INSTRUCTIONS FOR THE TASK.
Output the records that follow, keeping every line exactly as it is.

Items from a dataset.
○ ○ ○ ○ ○
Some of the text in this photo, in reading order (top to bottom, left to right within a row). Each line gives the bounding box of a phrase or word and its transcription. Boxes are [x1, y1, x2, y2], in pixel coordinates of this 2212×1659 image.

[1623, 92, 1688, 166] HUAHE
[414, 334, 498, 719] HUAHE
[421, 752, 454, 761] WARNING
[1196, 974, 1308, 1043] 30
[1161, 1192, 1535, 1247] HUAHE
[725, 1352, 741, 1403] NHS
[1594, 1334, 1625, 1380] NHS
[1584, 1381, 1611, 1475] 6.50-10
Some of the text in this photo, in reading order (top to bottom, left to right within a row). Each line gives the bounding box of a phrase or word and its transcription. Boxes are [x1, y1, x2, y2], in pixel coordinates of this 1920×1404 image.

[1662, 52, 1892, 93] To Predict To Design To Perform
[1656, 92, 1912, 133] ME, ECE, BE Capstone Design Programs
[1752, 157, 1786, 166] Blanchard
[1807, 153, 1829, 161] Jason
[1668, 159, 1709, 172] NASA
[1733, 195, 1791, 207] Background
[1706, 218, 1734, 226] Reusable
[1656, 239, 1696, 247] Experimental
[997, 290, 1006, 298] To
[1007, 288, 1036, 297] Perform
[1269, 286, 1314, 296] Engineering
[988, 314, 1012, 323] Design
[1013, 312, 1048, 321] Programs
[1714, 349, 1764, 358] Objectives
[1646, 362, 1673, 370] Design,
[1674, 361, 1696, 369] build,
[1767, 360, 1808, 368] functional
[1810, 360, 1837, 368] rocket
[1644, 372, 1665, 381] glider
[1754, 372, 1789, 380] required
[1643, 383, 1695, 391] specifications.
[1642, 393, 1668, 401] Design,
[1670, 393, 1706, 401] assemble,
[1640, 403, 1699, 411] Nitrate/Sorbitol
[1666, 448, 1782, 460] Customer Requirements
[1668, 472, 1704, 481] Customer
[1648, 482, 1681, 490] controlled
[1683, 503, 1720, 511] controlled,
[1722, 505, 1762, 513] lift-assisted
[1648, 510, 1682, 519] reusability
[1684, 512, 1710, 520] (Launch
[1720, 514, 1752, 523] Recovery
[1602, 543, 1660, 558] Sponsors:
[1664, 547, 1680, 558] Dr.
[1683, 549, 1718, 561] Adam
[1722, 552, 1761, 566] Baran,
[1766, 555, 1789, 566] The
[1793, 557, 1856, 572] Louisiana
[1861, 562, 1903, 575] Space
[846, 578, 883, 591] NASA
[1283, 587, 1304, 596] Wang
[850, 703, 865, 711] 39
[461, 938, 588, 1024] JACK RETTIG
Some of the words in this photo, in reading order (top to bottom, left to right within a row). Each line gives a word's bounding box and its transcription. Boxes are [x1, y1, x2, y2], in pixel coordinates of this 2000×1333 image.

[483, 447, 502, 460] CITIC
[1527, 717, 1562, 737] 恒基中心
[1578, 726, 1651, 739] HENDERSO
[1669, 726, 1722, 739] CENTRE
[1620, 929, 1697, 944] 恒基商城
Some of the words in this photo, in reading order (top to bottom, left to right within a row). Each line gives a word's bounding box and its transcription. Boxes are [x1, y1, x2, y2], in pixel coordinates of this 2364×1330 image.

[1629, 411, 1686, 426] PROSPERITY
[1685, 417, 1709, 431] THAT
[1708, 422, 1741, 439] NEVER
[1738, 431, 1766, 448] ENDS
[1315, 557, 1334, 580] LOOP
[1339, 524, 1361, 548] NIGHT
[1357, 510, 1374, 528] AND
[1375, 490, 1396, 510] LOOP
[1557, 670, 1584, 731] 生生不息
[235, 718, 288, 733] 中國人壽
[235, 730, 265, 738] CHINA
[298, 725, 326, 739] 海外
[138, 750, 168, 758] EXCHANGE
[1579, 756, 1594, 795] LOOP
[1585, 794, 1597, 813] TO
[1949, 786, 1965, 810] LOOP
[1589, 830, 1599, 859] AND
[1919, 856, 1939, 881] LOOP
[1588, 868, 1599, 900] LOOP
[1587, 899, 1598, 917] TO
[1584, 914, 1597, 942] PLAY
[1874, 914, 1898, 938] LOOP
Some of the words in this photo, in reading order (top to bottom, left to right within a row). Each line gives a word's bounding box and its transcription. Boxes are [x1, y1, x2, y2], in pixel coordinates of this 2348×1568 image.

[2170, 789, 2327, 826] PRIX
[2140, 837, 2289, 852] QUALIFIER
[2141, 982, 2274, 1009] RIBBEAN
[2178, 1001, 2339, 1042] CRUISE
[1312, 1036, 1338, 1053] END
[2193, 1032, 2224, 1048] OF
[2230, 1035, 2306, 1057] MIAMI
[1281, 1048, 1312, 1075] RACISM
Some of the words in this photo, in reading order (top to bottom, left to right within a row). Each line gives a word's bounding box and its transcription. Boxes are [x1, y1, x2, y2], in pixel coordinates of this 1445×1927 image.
○ ○ ○ ○ ○
RESULT OF THIS EXERCISE.
Some of the text in this photo, in reading order (top to bottom, left to right within a row). Each line gives the bounding box of a phrase or word and its transcription. Boxes are [x1, y1, x2, y2], in pixel coordinates of this 2212×1659 image.

[1623, 92, 1688, 166] HUAHE
[414, 334, 498, 719] HUAHE
[421, 752, 454, 761] WARNING
[1196, 974, 1308, 1043] 30
[1161, 1192, 1535, 1247] HUAHE
[725, 1352, 741, 1403] NHS
[1594, 1334, 1625, 1380] NHS
[1584, 1381, 1611, 1475] 6.50-10
Some of the text in this photo, in reading order (top to bottom, left to right within a row). Each line gives the bounding box of a phrase or word and its transcription. Boxes are [x1, y1, x2, y2], in pixel coordinates of this 1920×1404 image.

[1662, 52, 1892, 93] To Predict To Design To Perform
[1656, 92, 1912, 133] ME, ECE, BE Capstone Design Programs
[1752, 157, 1786, 166] Blanchard
[1807, 153, 1829, 161] Jason
[1668, 159, 1709, 172] NASA
[1733, 195, 1791, 207] Background
[1706, 218, 1734, 226] Reusable
[1656, 239, 1696, 247] Experimental
[997, 290, 1006, 298] To
[1007, 288, 1036, 297] Perform
[1269, 286, 1314, 296] Engineering
[988, 314, 1012, 323] Design
[1013, 312, 1048, 321] Programs
[1714, 349, 1764, 358] Objectives
[1646, 362, 1673, 370] Design,
[1674, 361, 1696, 369] build,
[1767, 360, 1808, 368] functional
[1810, 360, 1837, 368] rocket
[1644, 372, 1665, 381] glider
[1754, 372, 1789, 380] required
[1643, 383, 1695, 391] specifications.
[1642, 393, 1668, 401] Design,
[1670, 393, 1706, 401] assemble,
[1640, 403, 1699, 411] Nitrate/Sorbitol
[1666, 448, 1782, 460] Customer Requirements
[1668, 472, 1704, 481] Customer
[1648, 482, 1681, 490] controlled
[1683, 503, 1720, 511] controlled,
[1722, 505, 1762, 513] lift-assisted
[1648, 510, 1682, 519] reusability
[1684, 512, 1710, 520] (Launch
[1720, 514, 1752, 523] Recovery
[1602, 543, 1660, 558] Sponsors:
[1664, 547, 1680, 558] Dr.
[1683, 549, 1718, 561] Adam
[1722, 552, 1761, 566] Baran,
[1766, 555, 1789, 566] The
[1793, 557, 1856, 572] Louisiana
[1861, 562, 1903, 575] Space
[846, 578, 883, 591] NASA
[1283, 587, 1304, 596] Wang
[850, 703, 865, 711] 39
[461, 938, 588, 1024] JACK RETTIG
Some of the words in this photo, in reading order (top to bottom, left to right within a row). Each line gives a word's bounding box and its transcription. Boxes are [x1, y1, x2, y2], in pixel coordinates of this 2000×1333 image.

[483, 447, 502, 460] CITIC
[1527, 717, 1562, 737] 恒基中心
[1578, 726, 1651, 739] HENDERSO
[1669, 726, 1722, 739] CENTRE
[1620, 929, 1697, 944] 恒基商城
Some of the words in this photo, in reading order (top to bottom, left to right within a row). Each line gives a word's bounding box and its transcription. Boxes are [x1, y1, x2, y2], in pixel coordinates of this 2364×1330 image.

[1629, 411, 1686, 426] PROSPERITY
[1685, 417, 1709, 431] THAT
[1708, 422, 1741, 439] NEVER
[1738, 431, 1766, 448] ENDS
[1315, 557, 1334, 580] LOOP
[1339, 524, 1361, 548] NIGHT
[1357, 510, 1374, 528] AND
[1375, 490, 1396, 510] LOOP
[1557, 670, 1584, 731] 生生不息
[235, 718, 288, 733] 中國人壽
[235, 730, 265, 738] CHINA
[298, 725, 326, 739] 海外
[138, 750, 168, 758] EXCHANGE
[1579, 756, 1594, 795] LOOP
[1585, 794, 1597, 813] TO
[1949, 786, 1965, 810] LOOP
[1589, 830, 1599, 859] AND
[1919, 856, 1939, 881] LOOP
[1588, 868, 1599, 900] LOOP
[1587, 899, 1598, 917] TO
[1584, 914, 1597, 942] PLAY
[1874, 914, 1898, 938] LOOP
Some of the words in this photo, in reading order (top to bottom, left to right within a row). Each line gives a word's bounding box and its transcription. Boxes are [x1, y1, x2, y2], in pixel coordinates of this 2348×1568 image.

[2170, 789, 2327, 826] PRIX
[2140, 837, 2289, 852] QUALIFIER
[2141, 982, 2274, 1009] RIBBEAN
[2178, 1001, 2339, 1042] CRUISE
[1312, 1036, 1338, 1053] END
[2193, 1032, 2224, 1048] OF
[2230, 1035, 2306, 1057] MIAMI
[1281, 1048, 1312, 1075] RACISM
Some of the words in this photo, in reading order (top to bottom, left to right within a row). Each line gives a word's bounding box and its transcription. Boxes are [x1, y1, x2, y2], in pixel coordinates of this 1445×1927 image.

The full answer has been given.